From education to employment

Discovering network vulnerabilities is crucial to the education sector’s fight against cybercrime

Mark Wantling, Chief Information Officer, University of Salford

Having previously issued cautions in August and September last year, the National Cyber Security Centre (NCSC) recently warned that an increased number of ransomware attacks have affected education establishments in the UK since February 2021, including schools, colleges and universities.

Most universities around the world had to quickly transition to remote learning when Covid-19 struck. Overnight, that created new IT management and security challenges as students and teachers connected to schools and universities through home wi-fi networks and personal computers – and many institutions, including the University of Salford, were unprepared for that sudden shift.

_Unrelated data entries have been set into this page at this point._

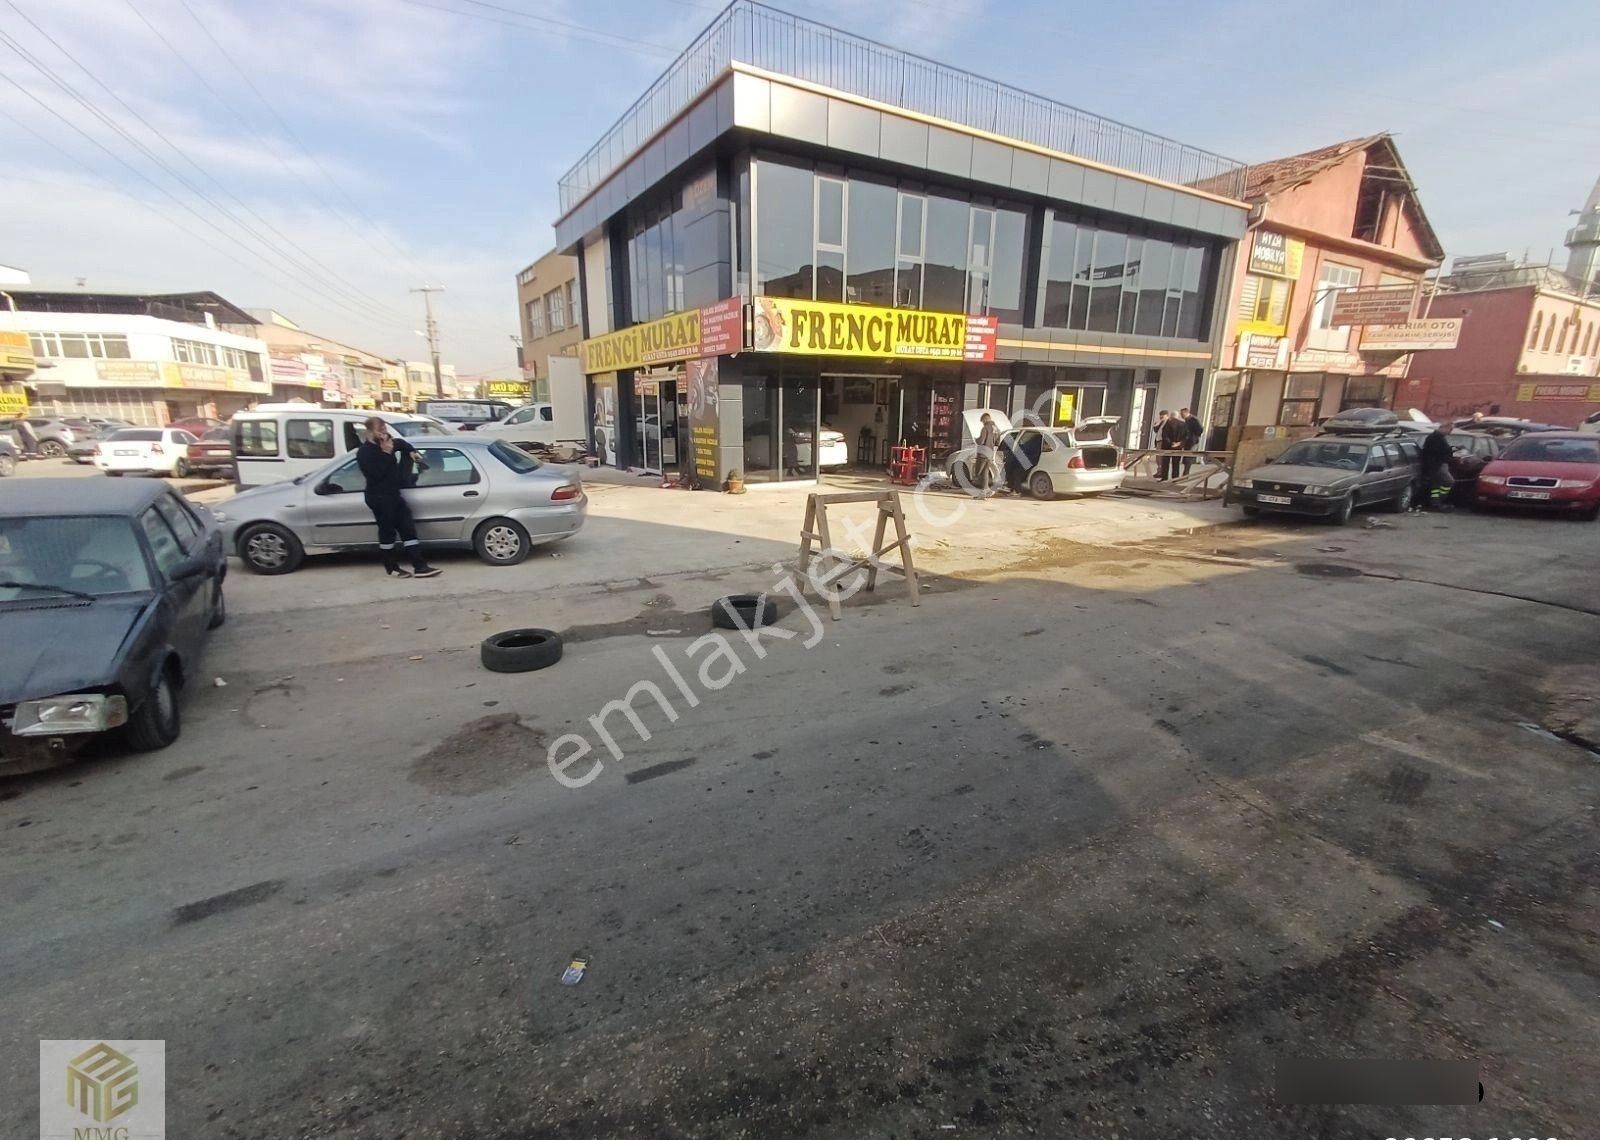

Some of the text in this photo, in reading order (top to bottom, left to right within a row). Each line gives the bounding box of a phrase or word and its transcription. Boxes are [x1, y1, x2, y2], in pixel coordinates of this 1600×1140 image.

[640, 313, 699, 353] MURAT
[896, 313, 963, 346] MURAT
[1430, 321, 1456, 330] OTO
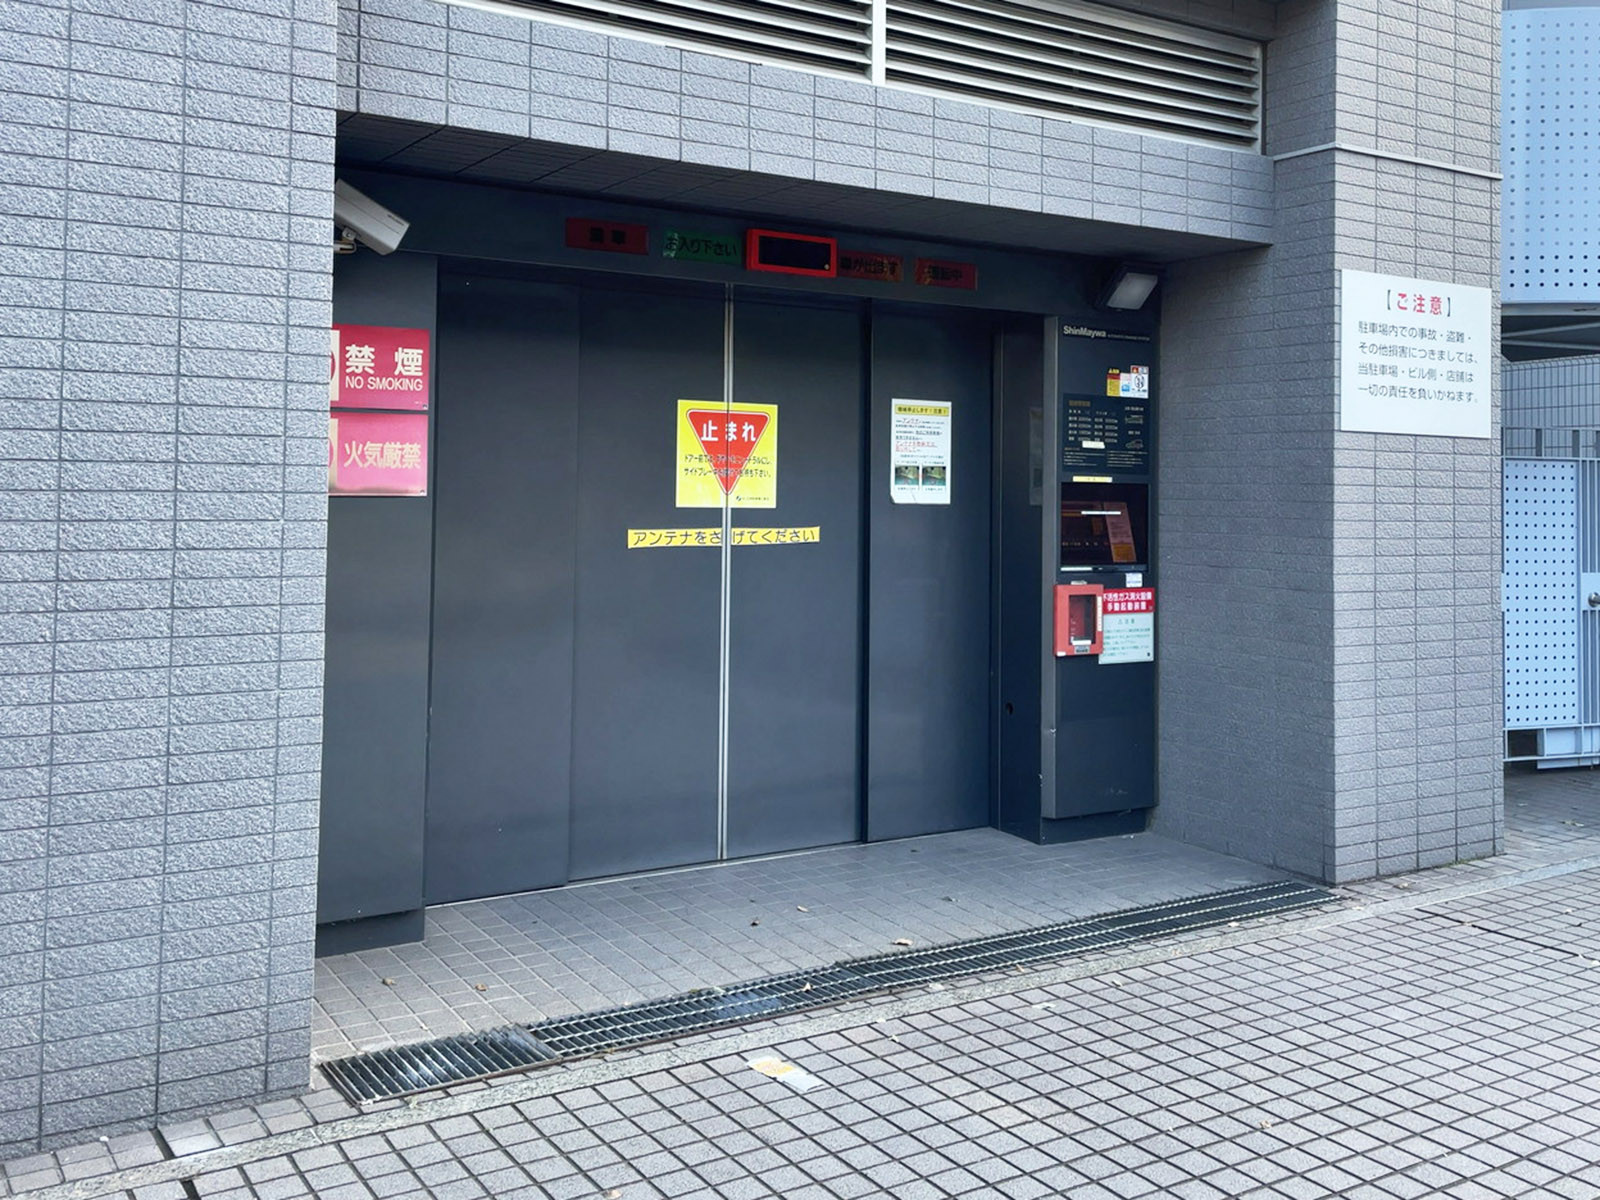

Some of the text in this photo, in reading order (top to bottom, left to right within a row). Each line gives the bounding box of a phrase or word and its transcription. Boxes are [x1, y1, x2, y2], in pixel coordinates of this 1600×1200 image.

[665, 236, 737, 258] お入り下さい
[1063, 325, 1107, 339] ShinMaywa
[1358, 341, 1478, 365] その他損害につきましては、
[345, 376, 424, 392] NO SMOKING
[1358, 383, 1478, 404] 一切の責任を負いかねます。
[700, 419, 757, 442] 止まれ
[343, 440, 421, 469] 火気厳禁

Since then, British educational institutions have faced wave after wave of cybercrime. With a combination of profit-driven groups launching sophisticated digital attacks, aiming to capitalise on the forced transition to remote learning and teaching, and state-backed entities probing research networks for vaccine-development data, the sector is under attack.

Security issues and concerns

It became clear at University of Salford that we were not fully prepared for the study-from-anywhere era and knew there was real risk. As they say, “You don’t know what you don’t know” so it became a priority to find out exactly what would happen if the network was hit. And the results from the security assessment were concerning.

The assessment showed how vulnerable we were to a digital breach and cybersecurity immediately moved to the top of our risk priorities. Closing cybersecurity gaps became a board-level focus overnight.

Despite recognising our exposure to cyber risk, we realised that we lacked the necessary capabilities to effectively protect our network of devices. One of the key issues that the security assessment showed was that our five endpoint management tools did not work well together. Each required their own teams, created their own data and as result we were working in siloes. The existing tools simply didn’t provide the breadth and depth needed to support the university in a remote-first world. As a result of this, there were several issues we needed to address quickly.

Firstly, we did not have complete visibility of our assets connected to the network, or what vulnerabilities these devices carried. By partnering with Tanium, a provider of endpoint management and security, we were able to discover hundreds of “hidden” endpoints (devices connected to the network which we weren’t aware of before) and hundreds of thousands of open vulnerabilities – across both our on-premises and remote-based assets.

Leading on from this, we found that many endpoints connected to the network did not have the necessary software patches or updates. By gaining better visibility into the network, we were able to quickly fix 38,000 missing patches and we updated software on thousands of endpoints.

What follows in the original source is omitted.